Australian Inflation Eases, Sparking Hopes of an Interest Rate Cut
Headline CPI inflation eased to 2.4 percent in the 12 months to December, while trimmed mean inflation moderated to 3.2 percent.
Australia’s annual inflation slowed down in the December, sparking hopes the Reserve Bank of Australia (RBA) could consider an interest rate cut.
Meanwhile, the consumer price index (CPI) eased to 2.4 percent in the 12 months to December, down from 2.8 percent in September.
“The main reasons for lower CPI inflation were due to a fall in prices for electricity and automotive fuel and moderating price rises for new dwellings,” the ABS said.
The Australian Stock Exchange benchmark index appeared to respond positively, rising 0.7 percent at the time of writing.
Trimmed mean inflation excludes extreme seasonal price movements up or down to volatile goods or services such as fuel.
“This quarter the trimmed mean excluded the falls in both electricity and automotive fuel, alongside other large price rises and falls,” the ABS explained.
Services inflation in 12 months to December remained elevated at 4.3 percent in December, down slightly from 4.6 percent in the September quarter.
“Higher prices for rents, medical and hospital services and insurance were the main contributors to Services inflation remaining elevated,” the ABS said.
Looking at the December quarter alone, the CPI increased 0.2 percent, the same as the September figure. Both the latest quarters have eased compared to March and June 2024, when CPI was at 1 percent.
ANZ Predicts Rate Cut for February
ANZ senior economist Catherine Birch noted electricity had subtracted 0.6 percent from annual headline inflation due to federal and state government rebates, while fuel took off a further 0.3 percent in the quarter.

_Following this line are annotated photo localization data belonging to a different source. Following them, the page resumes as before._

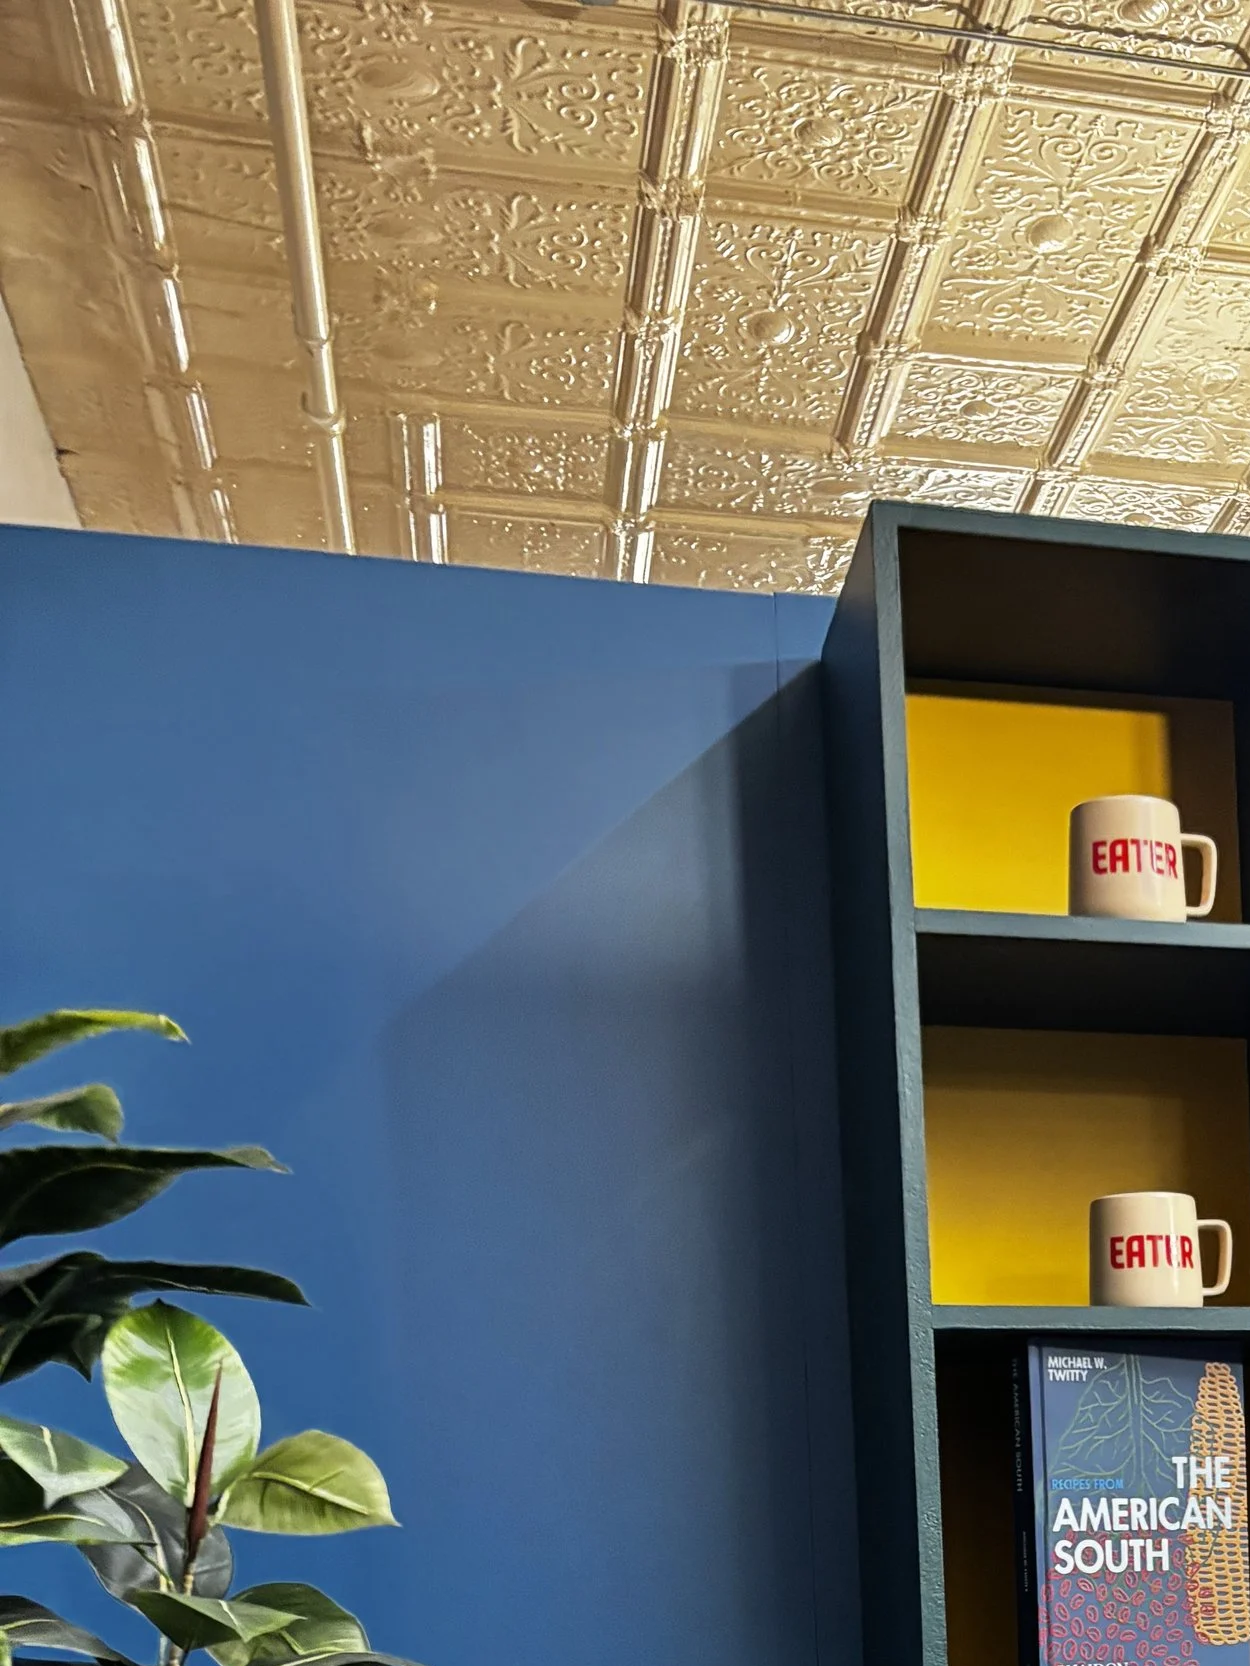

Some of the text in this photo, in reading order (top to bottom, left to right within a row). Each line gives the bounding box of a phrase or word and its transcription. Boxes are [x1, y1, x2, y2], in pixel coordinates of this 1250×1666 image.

[1092, 838, 1178, 879] EATER
[1047, 1356, 1107, 1370] MICHAEL W.
[1048, 1369, 1088, 1382] TWITTY
[1052, 1478, 1125, 1490] RECIPES FROM
[1172, 1456, 1232, 1489] THE
[1052, 1497, 1233, 1532] AMERICAN
[1054, 1538, 1170, 1575] SOUTH
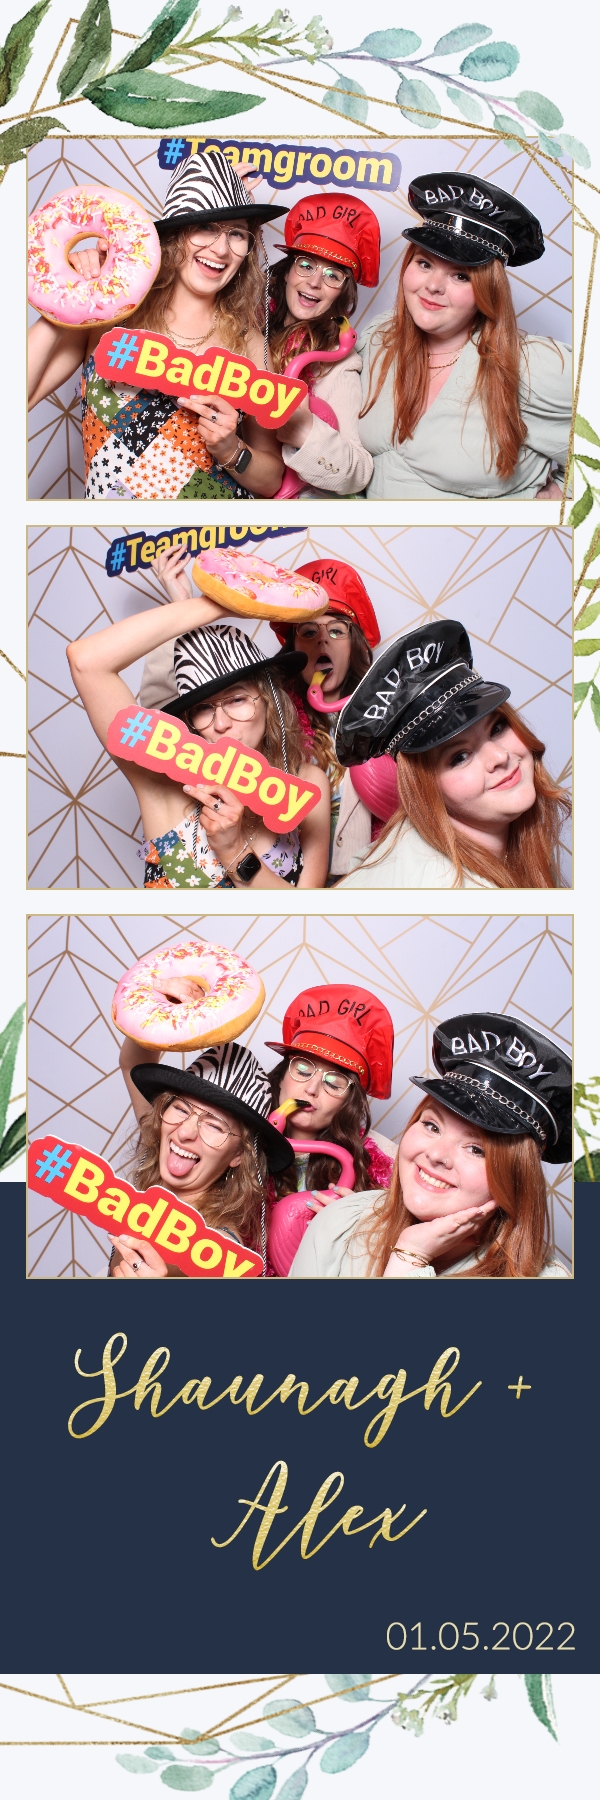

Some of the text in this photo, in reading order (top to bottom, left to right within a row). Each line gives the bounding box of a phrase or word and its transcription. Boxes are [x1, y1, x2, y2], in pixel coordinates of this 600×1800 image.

[332, 205, 362, 229] GIRL
[424, 185, 506, 217] BAD BOY
[106, 333, 302, 419] #BadBoy
[311, 567, 338, 586] GIRL
[363, 640, 445, 721] BAD BOY
[120, 711, 314, 823] #BadBoy
[337, 998, 371, 1027] GIRL
[451, 1030, 553, 1080] BAD BOY

“We think this will be enough for the RBA to cut the cash rate by 25 basis points at its February meeting,” she said in a research note to investors.
Politicians Respond
Treasurer Jim Chalmers said underlying inflation is now at a three-year low according to the new figures today.
Speaking to reporters, Chalmers said the inflation figures were much better than the market expected and lower than forecast.

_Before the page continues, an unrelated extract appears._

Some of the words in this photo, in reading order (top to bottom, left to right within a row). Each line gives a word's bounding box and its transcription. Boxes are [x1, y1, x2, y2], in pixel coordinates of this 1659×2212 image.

“We have been able to get on top of this inflation challenge and to get it down in a very meaningful way. Inflation is now almost a third of the 6.1 percent that we inherited when we came to office,” he said.
He said this meant Australia’s headline inflation was now lower than the majority of advanced economies including the United States, the UK, and Germany.
“What these numbers show is we have been able to achieve something that other countries cannot—it is to make this remarkable progress on inflation at the same time as we maintain the gains were made in the labour market and keep the economy ticking over,” he said.
However, Shadow Treasurer Angus Taylor said cost of living pain was far from over for Australians.
“We’re absolutely at the back of the pack in beating inflation and getting the low-inflation strong economy we all want to see,” Taylor told reporters.
“We’ve got a treasurer more interested in spin than substance, more interested in rhetoric than reality, but the reality of Australian families and Australian businesses—and we’ve seen it here today—is the pain continues.”
Taylor said core inflation remained stubbornly “above target,” with cost pressures impacting businesses across Australia.
“Services inflation is subbornly above 4 percent. It hasn’t moved much in the last 12 months and underneath that is a situation where Australians continue to pay more at the checkout,” he said.